[Annotated photo localization data]
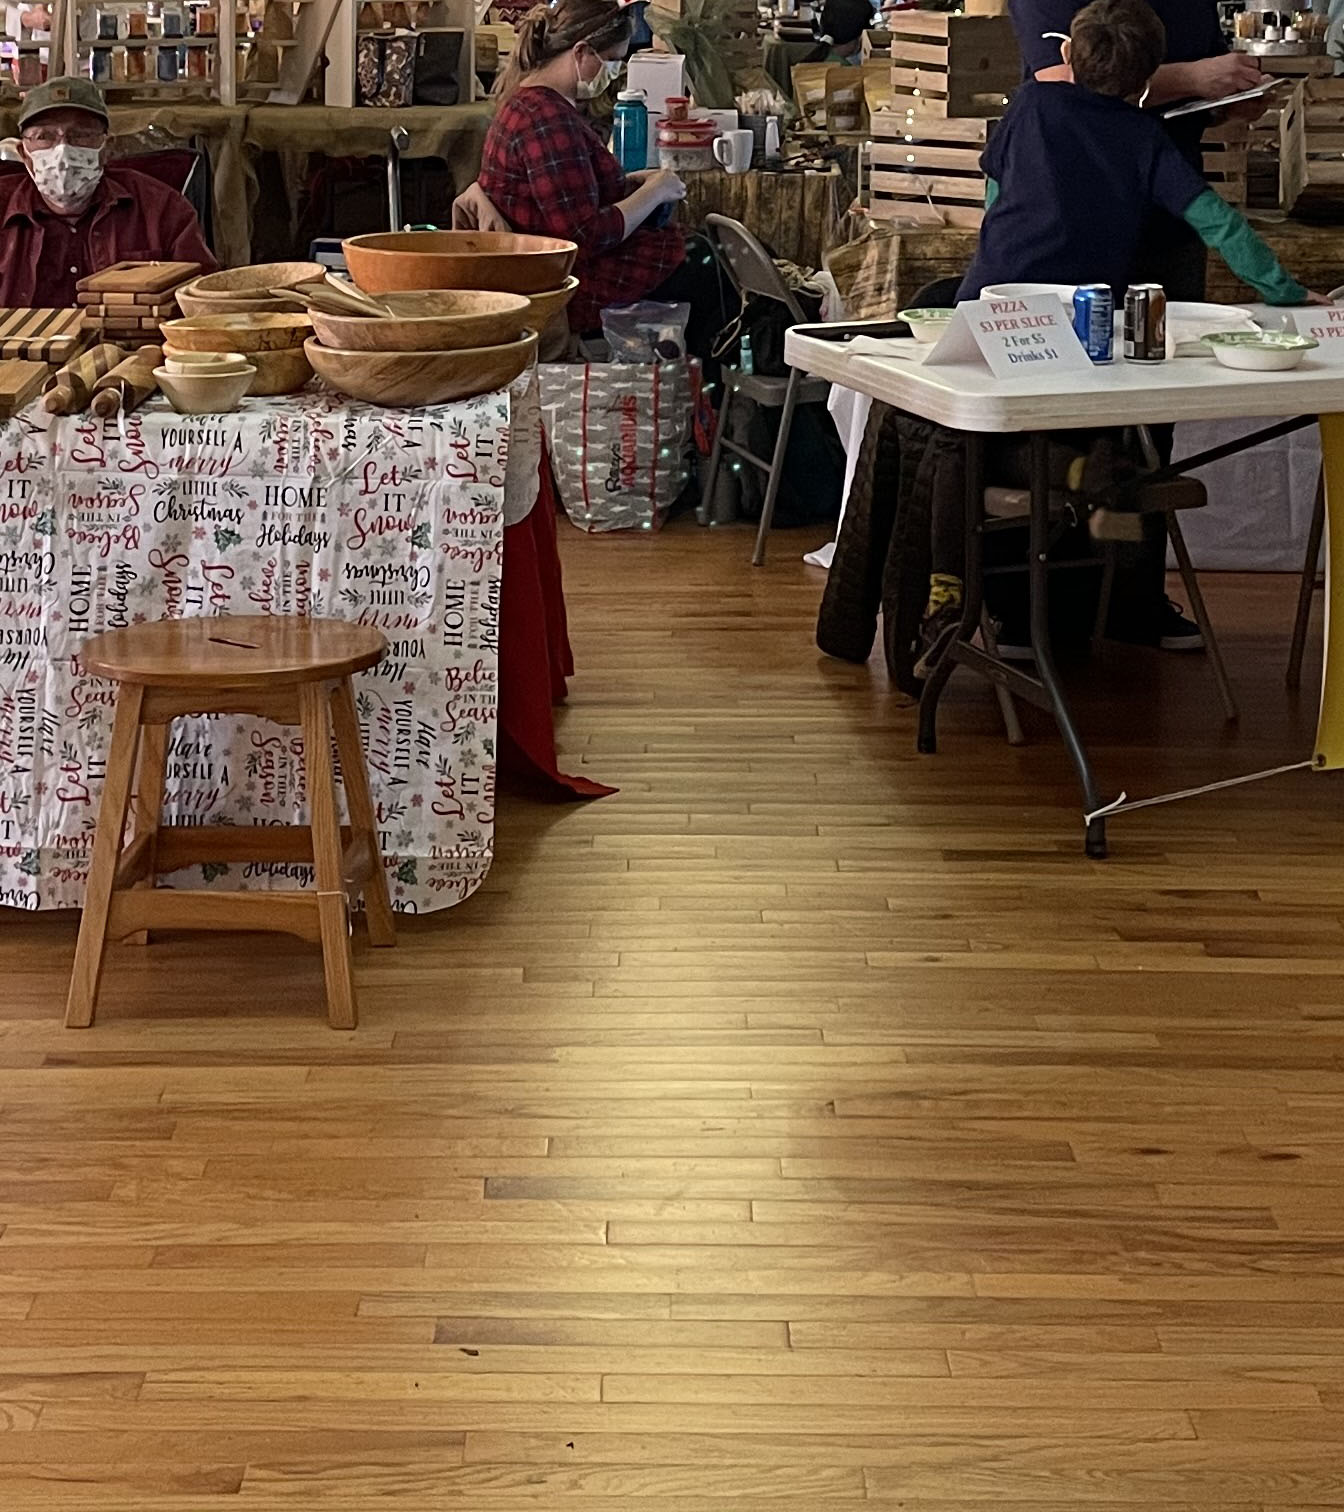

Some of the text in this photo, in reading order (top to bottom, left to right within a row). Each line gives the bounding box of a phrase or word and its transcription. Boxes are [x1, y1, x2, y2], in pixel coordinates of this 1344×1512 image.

[990, 301, 1027, 314] PIZZA
[980, 315, 1056, 333] $3 PER SLICE
[1311, 328, 1324, 338] $3
[1002, 333, 1045, 347] 2 For $5
[1008, 349, 1058, 363] Drinks $1
[475, 435, 493, 457] IT
[8, 480, 31, 498] IT
[182, 481, 218, 496] LITTLE
[359, 462, 403, 495] Let
[69, 484, 145, 516] Season
[265, 485, 327, 508] HOME
[384, 493, 406, 512] IT
[154, 497, 244, 523] Christmas
[256, 524, 331, 553] Holidays
[347, 509, 415, 550] Snow
[66, 525, 140, 558] Believe
[344, 566, 430, 591] Christmas
[69, 565, 91, 633] HOME
[444, 579, 466, 647] HOME

◆ GOAL OF THE EXERCISE:
Print the records again exactly, pictures excluded.

◆ TASK RESPONSE:
Some of the text in this photo, in reading order (top to bottom, left to right within a row). Each line gives the bounding box of a phrase or word and its transcription. Boxes are [x1, y1, x2, y2], in pixel coordinates of this 1344×1512 image.

[990, 301, 1027, 314] PIZZA
[980, 315, 1056, 333] $3 PER SLICE
[1311, 328, 1324, 338] $3
[1002, 333, 1045, 347] 2 For $5
[1008, 349, 1058, 363] Drinks $1
[475, 435, 493, 457] IT
[8, 480, 31, 498] IT
[182, 481, 218, 496] LITTLE
[359, 462, 403, 495] Let
[69, 484, 145, 516] Season
[265, 485, 327, 508] HOME
[384, 493, 406, 512] IT
[154, 497, 244, 523] Christmas
[256, 524, 331, 553] Holidays
[347, 509, 415, 550] Snow
[66, 525, 140, 558] Believe
[344, 566, 430, 591] Christmas
[69, 565, 91, 633] HOME
[444, 579, 466, 647] HOME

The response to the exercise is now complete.